# [Exercise data]
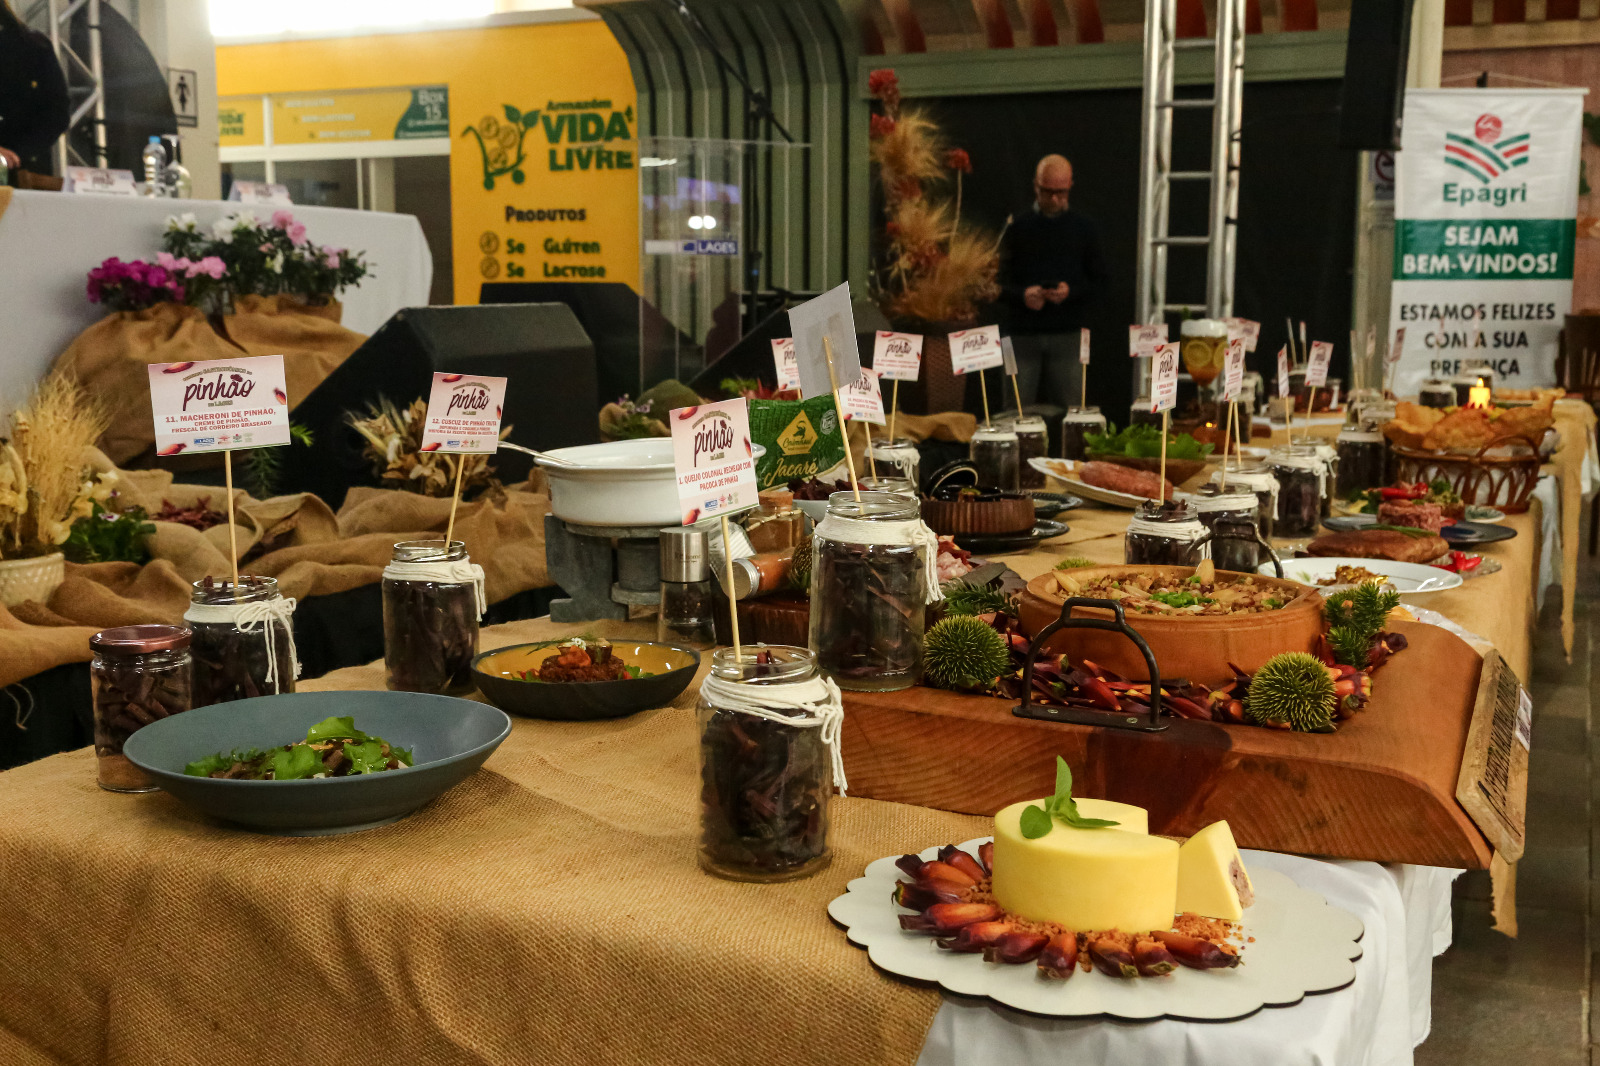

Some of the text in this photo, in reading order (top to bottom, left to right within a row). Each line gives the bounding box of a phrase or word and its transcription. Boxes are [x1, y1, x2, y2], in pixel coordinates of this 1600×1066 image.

[541, 111, 631, 144] VIDA
[549, 147, 634, 171] LIVRE
[1443, 183, 1527, 207] Epagri
[698, 241, 736, 252] LAGES
[1445, 226, 1519, 246] SEJAM
[1402, 252, 1558, 274] BEM-VINDOS!
[1400, 303, 1555, 321] ESTAMOS FELIZES
[1425, 331, 1529, 348] COM A SUA
[183, 374, 256, 411] pinhão
[447, 388, 490, 416] pinhão
[180, 411, 230, 422] MACHERONI
[231, 410, 241, 418] DE
[241, 420, 272, 428] BRASEADO
[694, 419, 735, 467] pinhão
[701, 468, 723, 480] COLONIAL
[717, 478, 724, 487] DE
[764, 457, 820, 487] Jacaré
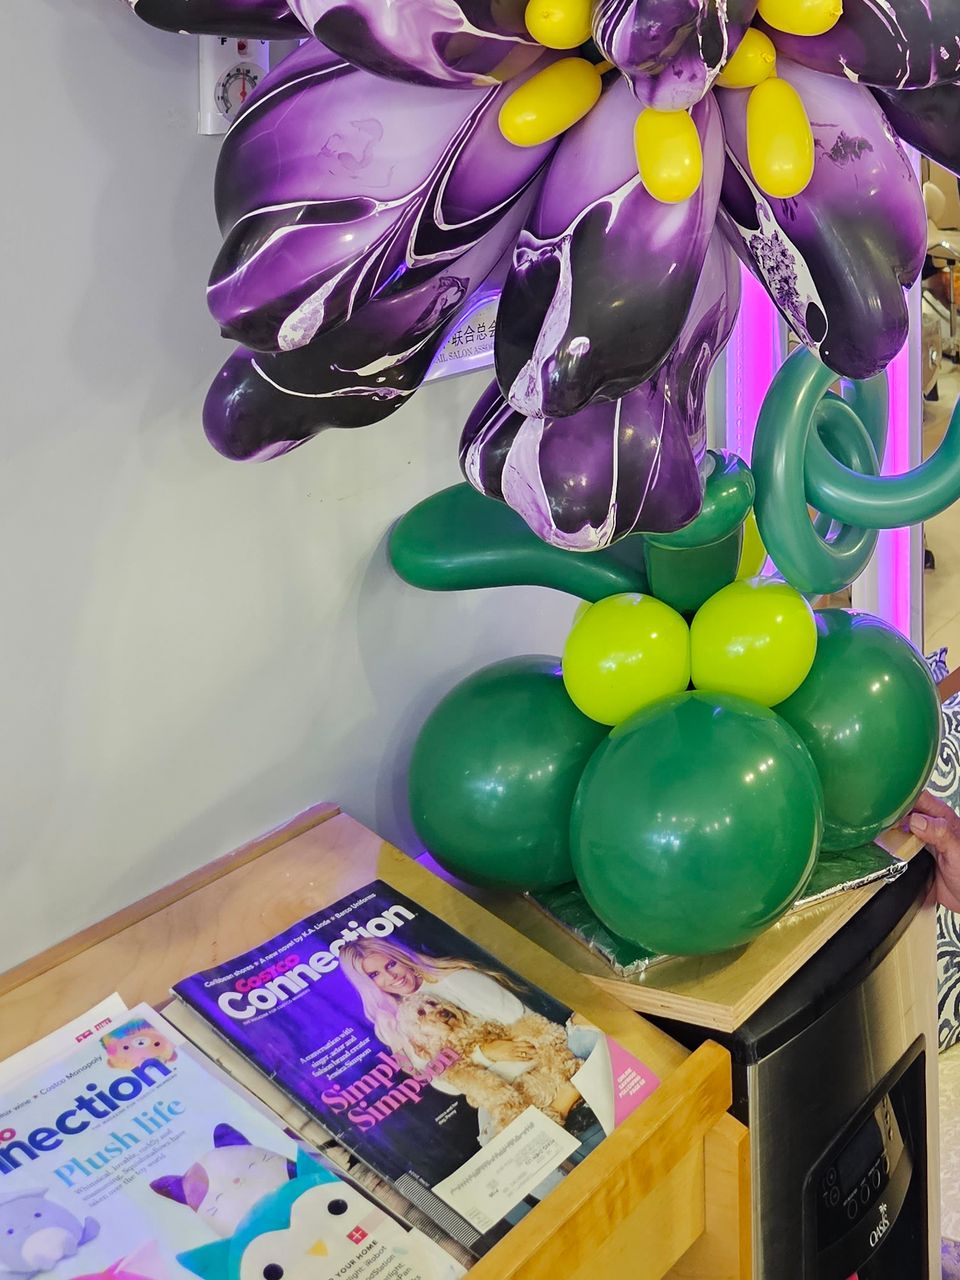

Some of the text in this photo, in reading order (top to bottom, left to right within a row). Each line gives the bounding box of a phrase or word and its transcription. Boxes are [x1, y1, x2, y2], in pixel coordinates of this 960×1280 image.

# [Task description]
Transcribe the preceding listing in its entirety and with exact wording, leaving out pictures.

# [Expected answer]
Some of the text in this photo, in reading order (top to bottom, left to right within a row). Each line gives the bounding box of a phrase or word and its transcription. Boxes are [x1, y1, x2, y2], in pixel coordinates of this 1600×1066 image.

[541, 111, 631, 144] VIDA
[549, 147, 634, 171] LIVRE
[1443, 183, 1527, 207] Epagri
[698, 241, 736, 252] LAGES
[1445, 226, 1519, 246] SEJAM
[1402, 252, 1558, 274] BEM-VINDOS!
[1400, 303, 1555, 321] ESTAMOS FELIZES
[1425, 331, 1529, 348] COM A SUA
[183, 374, 256, 411] pinhão
[447, 388, 490, 416] pinhão
[180, 411, 230, 422] MACHERONI
[231, 410, 241, 418] DE
[241, 420, 272, 428] BRASEADO
[694, 419, 735, 467] pinhão
[701, 468, 723, 480] COLONIAL
[717, 478, 724, 487] DE
[764, 457, 820, 487] Jacaré

Some of the text in this photo, in reading order (top to bottom, left to right within a row). Each line gives the bounding box of a phrase or word and its transcription. Boxes are [x1, y1, x2, y2], in pixel coordinates of this 960×1280 image.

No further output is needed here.